■ Problem to work on
All of the records must be repeated exactly.

■ Records shown
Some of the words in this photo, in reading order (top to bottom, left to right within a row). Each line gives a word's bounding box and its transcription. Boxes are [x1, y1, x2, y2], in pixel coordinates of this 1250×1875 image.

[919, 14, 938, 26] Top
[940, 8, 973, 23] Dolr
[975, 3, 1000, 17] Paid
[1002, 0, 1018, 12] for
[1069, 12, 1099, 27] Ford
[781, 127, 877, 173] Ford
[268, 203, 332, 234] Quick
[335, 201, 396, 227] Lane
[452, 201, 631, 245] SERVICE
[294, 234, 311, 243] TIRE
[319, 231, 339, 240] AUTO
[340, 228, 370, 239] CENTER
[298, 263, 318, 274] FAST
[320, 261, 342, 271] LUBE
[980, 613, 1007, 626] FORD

■ Expected answer
Some of the words in this photo, in reading order (top to bottom, left to right within a row). Each line gives a word's bounding box and its transcription. Boxes are [x1, y1, x2, y2], in pixel coordinates of this 1250×1875 image.

[919, 14, 938, 26] Top
[940, 8, 973, 23] Dolr
[975, 3, 1000, 17] Paid
[1002, 0, 1018, 12] for
[1069, 12, 1099, 27] Ford
[781, 127, 877, 173] Ford
[268, 203, 332, 234] Quick
[335, 201, 396, 227] Lane
[452, 201, 631, 245] SERVICE
[294, 234, 311, 243] TIRE
[319, 231, 339, 240] AUTO
[340, 228, 370, 239] CENTER
[298, 263, 318, 274] FAST
[320, 261, 342, 271] LUBE
[980, 613, 1007, 626] FORD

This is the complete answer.